**EXTRACTED ENTRIES:**
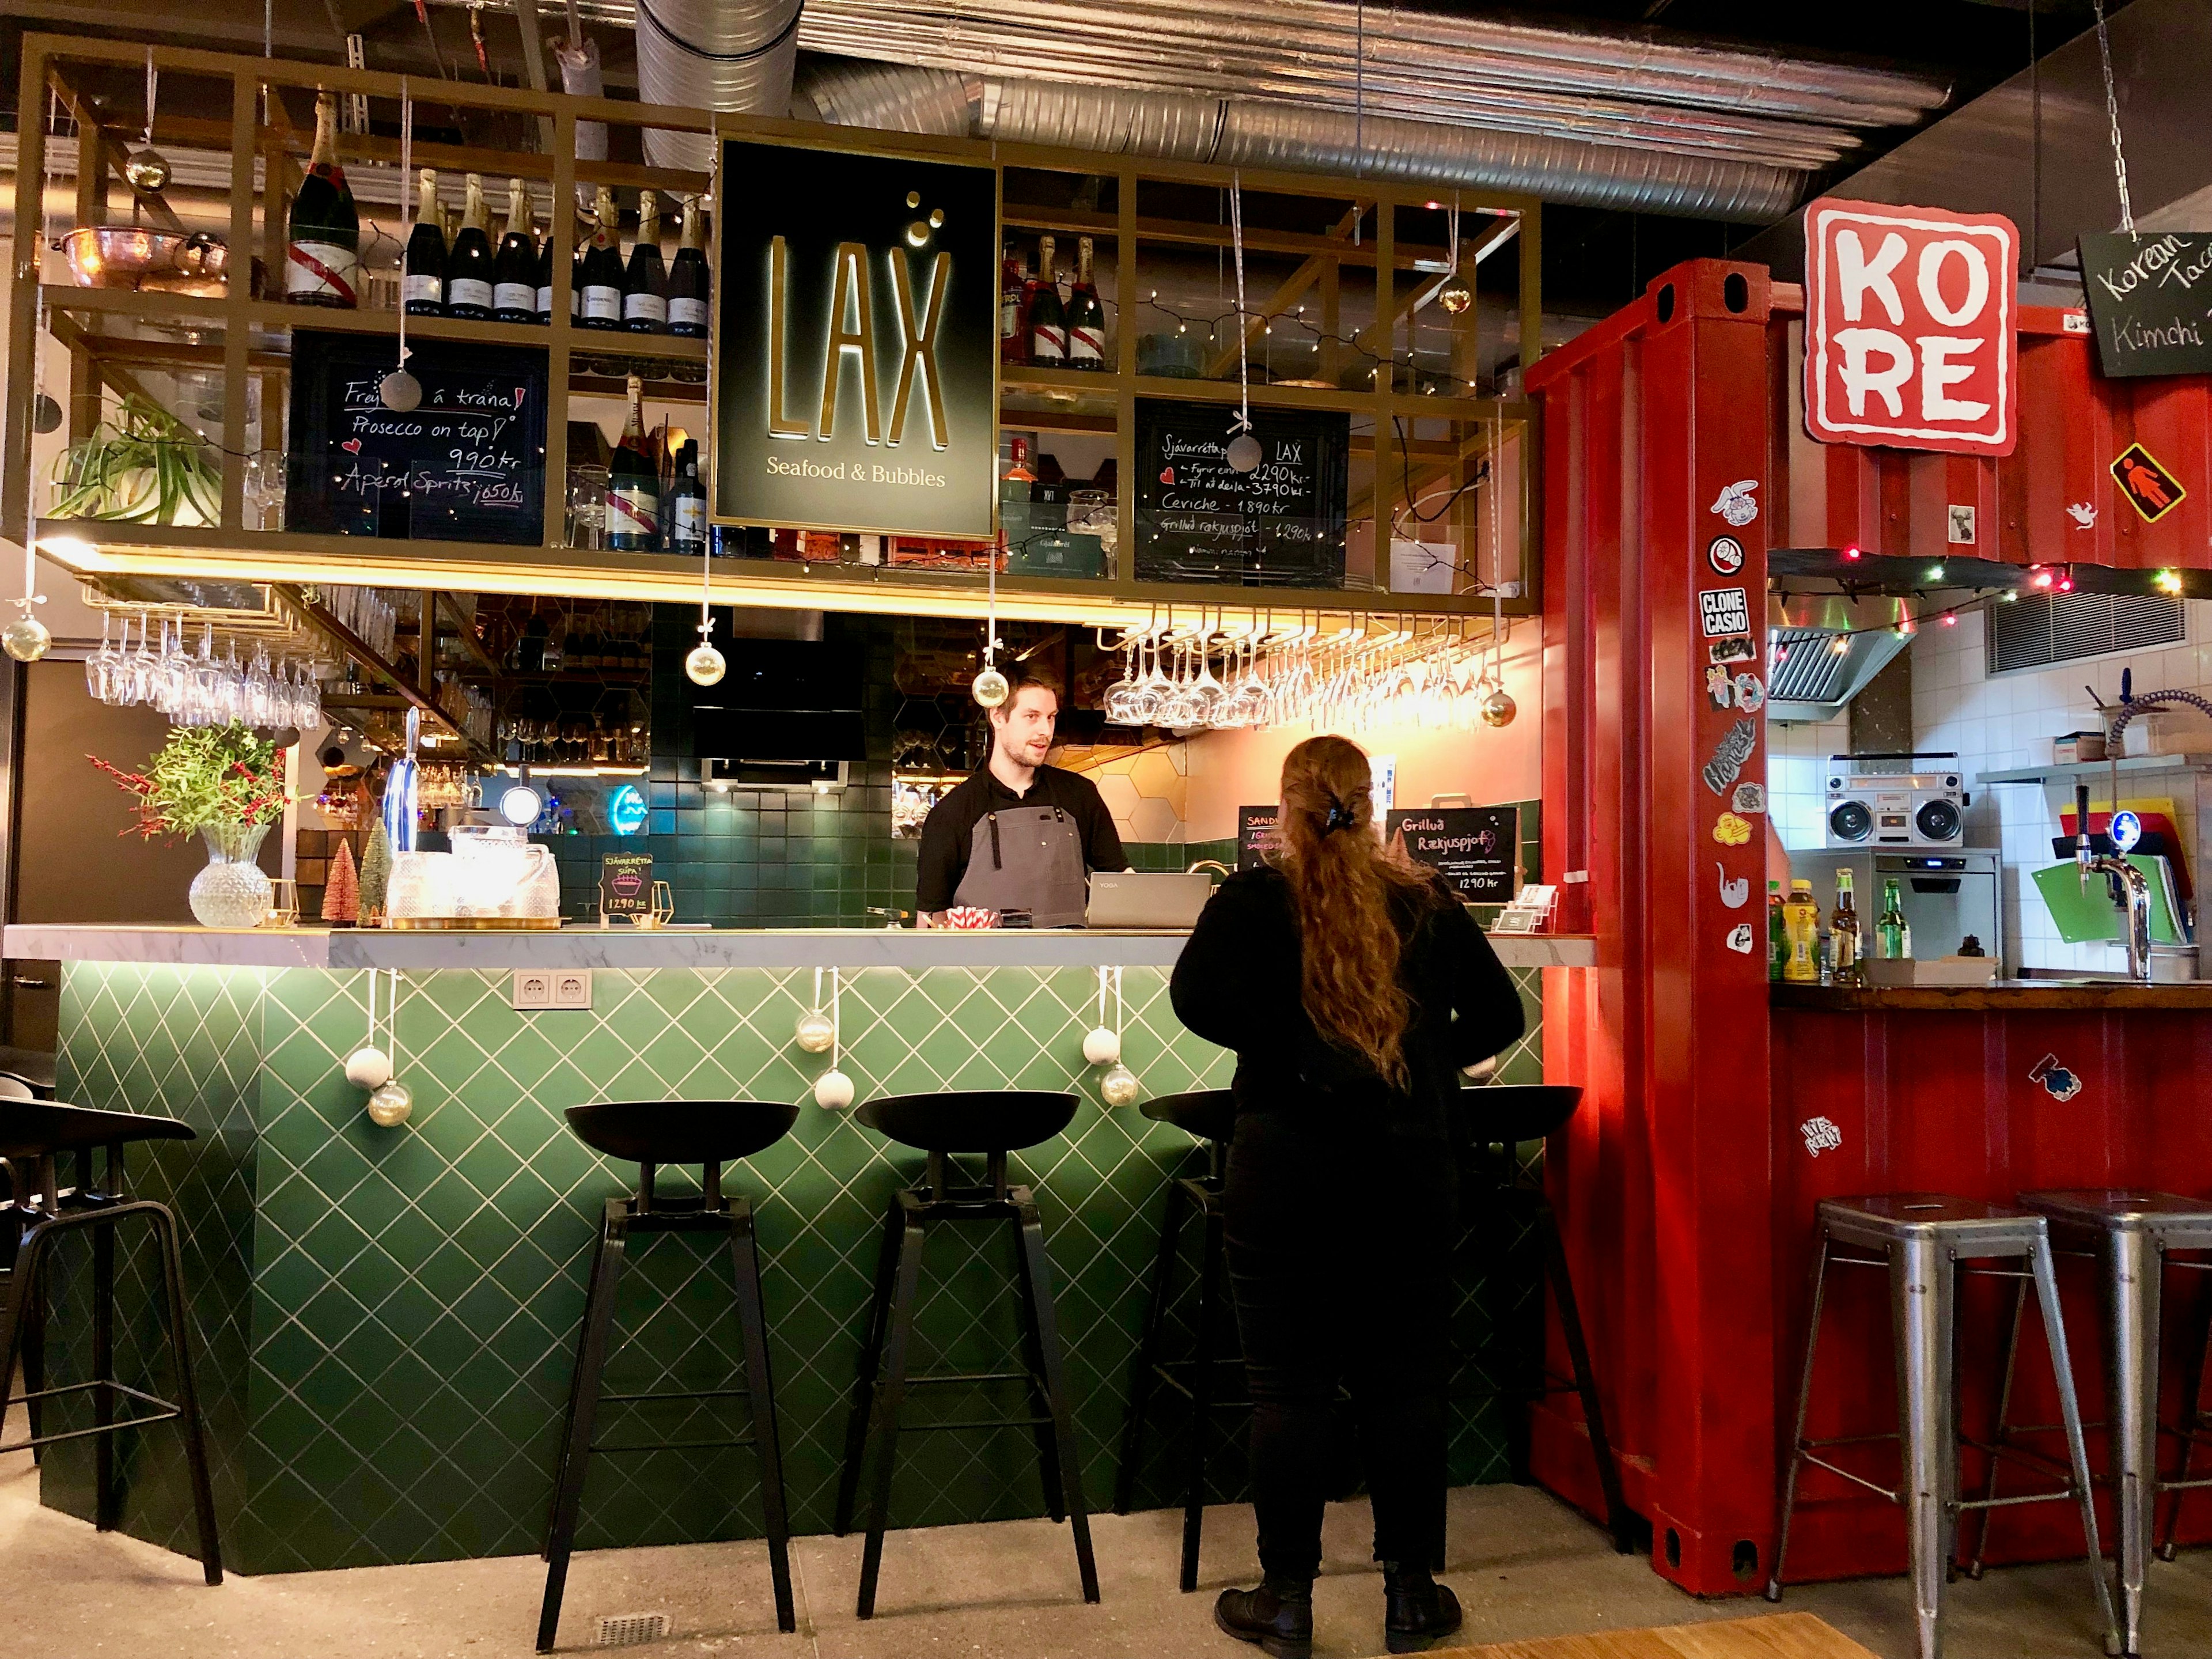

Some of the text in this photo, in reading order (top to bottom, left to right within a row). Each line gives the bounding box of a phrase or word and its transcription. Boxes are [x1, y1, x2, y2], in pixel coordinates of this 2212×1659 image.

[2097, 234, 2193, 302] Korean
[768, 234, 952, 452] LAX
[2111, 316, 2204, 353] Kimchi
[433, 389, 445, 404] á
[352, 415, 422, 435] Prosecco
[431, 426, 451, 438] on
[1161, 434, 1302, 463] Sjávarréttap LAX
[340, 462, 410, 496] Aperol
[413, 471, 472, 495] Spritz
[766, 456, 946, 488] Seafood & Bubbles
[1703, 591, 1744, 614] CLONE
[1705, 611, 1746, 634] CASIO
[1402, 818, 1445, 832] Grilluð
[1460, 877, 1485, 889] 1290
[608, 899, 635, 909] 1290

**WHAT IS NEEDED:** Every line above should be retyped exactly; the pictures do not belong in the copy.

**SOLUTION TO THIS TASK:**
Some of the text in this photo, in reading order (top to bottom, left to right within a row). Each line gives the bounding box of a phrase or word and its transcription. Boxes are [x1, y1, x2, y2], in pixel coordinates of this 2212×1659 image.

[2097, 234, 2193, 302] Korean
[768, 234, 952, 452] LAX
[2111, 316, 2204, 353] Kimchi
[433, 389, 445, 404] á
[352, 415, 422, 435] Prosecco
[431, 426, 451, 438] on
[1161, 434, 1302, 463] Sjávarréttap LAX
[340, 462, 410, 496] Aperol
[413, 471, 472, 495] Spritz
[766, 456, 946, 488] Seafood & Bubbles
[1703, 591, 1744, 614] CLONE
[1705, 611, 1746, 634] CASIO
[1402, 818, 1445, 832] Grilluð
[1460, 877, 1485, 889] 1290
[608, 899, 635, 909] 1290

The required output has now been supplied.